◆ Work required
Please reproduce the listing in its entirety, exactly as shown.

-.-.-

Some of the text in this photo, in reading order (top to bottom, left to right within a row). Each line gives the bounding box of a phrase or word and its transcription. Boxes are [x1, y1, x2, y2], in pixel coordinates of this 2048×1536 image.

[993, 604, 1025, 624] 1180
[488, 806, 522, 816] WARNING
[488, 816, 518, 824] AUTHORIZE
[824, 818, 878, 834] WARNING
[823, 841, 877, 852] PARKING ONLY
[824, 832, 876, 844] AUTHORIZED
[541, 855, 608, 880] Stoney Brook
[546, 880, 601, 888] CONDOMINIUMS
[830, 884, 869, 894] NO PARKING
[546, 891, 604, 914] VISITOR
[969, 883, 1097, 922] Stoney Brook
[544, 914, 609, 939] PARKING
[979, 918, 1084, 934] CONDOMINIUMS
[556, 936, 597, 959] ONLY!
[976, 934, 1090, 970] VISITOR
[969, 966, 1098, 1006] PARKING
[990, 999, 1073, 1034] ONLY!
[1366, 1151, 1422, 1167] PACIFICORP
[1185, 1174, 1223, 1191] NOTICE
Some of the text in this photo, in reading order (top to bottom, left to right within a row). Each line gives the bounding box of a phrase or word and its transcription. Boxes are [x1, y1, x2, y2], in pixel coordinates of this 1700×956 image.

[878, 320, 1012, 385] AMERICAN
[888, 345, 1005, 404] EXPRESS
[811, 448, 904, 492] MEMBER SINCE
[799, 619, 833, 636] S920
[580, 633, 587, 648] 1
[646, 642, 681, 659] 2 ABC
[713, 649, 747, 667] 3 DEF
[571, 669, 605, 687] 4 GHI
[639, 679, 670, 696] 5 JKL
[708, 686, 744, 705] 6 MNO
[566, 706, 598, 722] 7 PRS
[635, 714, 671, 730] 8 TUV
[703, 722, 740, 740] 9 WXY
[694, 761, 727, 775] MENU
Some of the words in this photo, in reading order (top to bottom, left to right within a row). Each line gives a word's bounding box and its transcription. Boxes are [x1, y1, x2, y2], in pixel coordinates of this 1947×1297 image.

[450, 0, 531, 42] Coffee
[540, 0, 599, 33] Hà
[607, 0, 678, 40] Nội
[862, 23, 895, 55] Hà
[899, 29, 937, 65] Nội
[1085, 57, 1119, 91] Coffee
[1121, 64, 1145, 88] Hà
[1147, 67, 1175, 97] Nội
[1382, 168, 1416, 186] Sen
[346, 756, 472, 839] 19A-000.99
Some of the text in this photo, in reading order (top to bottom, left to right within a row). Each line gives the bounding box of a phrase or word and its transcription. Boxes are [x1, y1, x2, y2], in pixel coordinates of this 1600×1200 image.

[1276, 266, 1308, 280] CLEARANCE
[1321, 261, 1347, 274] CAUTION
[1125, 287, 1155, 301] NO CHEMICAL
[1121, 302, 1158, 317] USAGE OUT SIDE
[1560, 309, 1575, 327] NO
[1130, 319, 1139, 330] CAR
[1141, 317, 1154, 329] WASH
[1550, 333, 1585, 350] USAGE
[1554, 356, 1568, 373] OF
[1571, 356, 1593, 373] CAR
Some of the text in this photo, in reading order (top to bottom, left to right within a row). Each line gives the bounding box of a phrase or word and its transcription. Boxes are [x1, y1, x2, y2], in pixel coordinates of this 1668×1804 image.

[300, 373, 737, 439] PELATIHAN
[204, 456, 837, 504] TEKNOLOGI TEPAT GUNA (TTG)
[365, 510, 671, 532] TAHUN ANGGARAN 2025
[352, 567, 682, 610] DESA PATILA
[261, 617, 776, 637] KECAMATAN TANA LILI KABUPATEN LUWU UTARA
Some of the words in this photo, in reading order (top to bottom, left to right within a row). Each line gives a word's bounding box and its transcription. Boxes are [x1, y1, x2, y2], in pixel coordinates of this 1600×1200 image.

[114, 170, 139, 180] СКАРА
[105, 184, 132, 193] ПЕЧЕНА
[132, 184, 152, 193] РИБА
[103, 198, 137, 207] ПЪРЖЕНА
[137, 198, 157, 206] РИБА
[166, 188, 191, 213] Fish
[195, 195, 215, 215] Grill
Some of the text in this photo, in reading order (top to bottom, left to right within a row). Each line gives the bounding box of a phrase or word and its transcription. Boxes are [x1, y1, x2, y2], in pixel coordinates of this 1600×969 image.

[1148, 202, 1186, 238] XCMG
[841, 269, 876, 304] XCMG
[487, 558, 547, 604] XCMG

-.-.-

◆ Finished exercise
Some of the text in this photo, in reading order (top to bottom, left to right within a row). Each line gives the bounding box of a phrase or word and its transcription. Boxes are [x1, y1, x2, y2], in pixel coordinates of this 2048×1536 image.

[993, 604, 1025, 624] 1180
[488, 806, 522, 816] WARNING
[488, 816, 518, 824] AUTHORIZE
[824, 818, 878, 834] WARNING
[823, 841, 877, 852] PARKING ONLY
[824, 832, 876, 844] AUTHORIZED
[541, 855, 608, 880] Stoney Brook
[546, 880, 601, 888] CONDOMINIUMS
[830, 884, 869, 894] NO PARKING
[546, 891, 604, 914] VISITOR
[969, 883, 1097, 922] Stoney Brook
[544, 914, 609, 939] PARKING
[979, 918, 1084, 934] CONDOMINIUMS
[556, 936, 597, 959] ONLY!
[976, 934, 1090, 970] VISITOR
[969, 966, 1098, 1006] PARKING
[990, 999, 1073, 1034] ONLY!
[1366, 1151, 1422, 1167] PACIFICORP
[1185, 1174, 1223, 1191] NOTICE
Some of the text in this photo, in reading order (top to bottom, left to right within a row). Each line gives the bounding box of a phrase or word and its transcription. Boxes are [x1, y1, x2, y2], in pixel coordinates of this 1700×956 image.

[878, 320, 1012, 385] AMERICAN
[888, 345, 1005, 404] EXPRESS
[811, 448, 904, 492] MEMBER SINCE
[799, 619, 833, 636] S920
[580, 633, 587, 648] 1
[646, 642, 681, 659] 2 ABC
[713, 649, 747, 667] 3 DEF
[571, 669, 605, 687] 4 GHI
[639, 679, 670, 696] 5 JKL
[708, 686, 744, 705] 6 MNO
[566, 706, 598, 722] 7 PRS
[635, 714, 671, 730] 8 TUV
[703, 722, 740, 740] 9 WXY
[694, 761, 727, 775] MENU
Some of the words in this photo, in reading order (top to bottom, left to right within a row). Each line gives a word's bounding box and its transcription. Boxes are [x1, y1, x2, y2], in pixel coordinates of this 1947×1297 image.

[450, 0, 531, 42] Coffee
[540, 0, 599, 33] Hà
[607, 0, 678, 40] Nội
[862, 23, 895, 55] Hà
[899, 29, 937, 65] Nội
[1085, 57, 1119, 91] Coffee
[1121, 64, 1145, 88] Hà
[1147, 67, 1175, 97] Nội
[1382, 168, 1416, 186] Sen
[346, 756, 472, 839] 19A-000.99
Some of the text in this photo, in reading order (top to bottom, left to right within a row). Each line gives the bounding box of a phrase or word and its transcription. Boxes are [x1, y1, x2, y2], in pixel coordinates of this 1600×1200 image.

[1276, 266, 1308, 280] CLEARANCE
[1321, 261, 1347, 274] CAUTION
[1125, 287, 1155, 301] NO CHEMICAL
[1121, 302, 1158, 317] USAGE OUT SIDE
[1560, 309, 1575, 327] NO
[1130, 319, 1139, 330] CAR
[1141, 317, 1154, 329] WASH
[1550, 333, 1585, 350] USAGE
[1554, 356, 1568, 373] OF
[1571, 356, 1593, 373] CAR
Some of the text in this photo, in reading order (top to bottom, left to right within a row). Each line gives the bounding box of a phrase or word and its transcription. Boxes are [x1, y1, x2, y2], in pixel coordinates of this 1668×1804 image.

[300, 373, 737, 439] PELATIHAN
[204, 456, 837, 504] TEKNOLOGI TEPAT GUNA (TTG)
[365, 510, 671, 532] TAHUN ANGGARAN 2025
[352, 567, 682, 610] DESA PATILA
[261, 617, 776, 637] KECAMATAN TANA LILI KABUPATEN LUWU UTARA
Some of the words in this photo, in reading order (top to bottom, left to right within a row). Each line gives a word's bounding box and its transcription. Boxes are [x1, y1, x2, y2], in pixel coordinates of this 1600×1200 image.

[114, 170, 139, 180] СКАРА
[105, 184, 132, 193] ПЕЧЕНА
[132, 184, 152, 193] РИБА
[103, 198, 137, 207] ПЪРЖЕНА
[137, 198, 157, 206] РИБА
[166, 188, 191, 213] Fish
[195, 195, 215, 215] Grill
Some of the text in this photo, in reading order (top to bottom, left to right within a row). Each line gives the bounding box of a phrase or word and its transcription. Boxes are [x1, y1, x2, y2], in pixel coordinates of this 1600×969 image.

[1148, 202, 1186, 238] XCMG
[841, 269, 876, 304] XCMG
[487, 558, 547, 604] XCMG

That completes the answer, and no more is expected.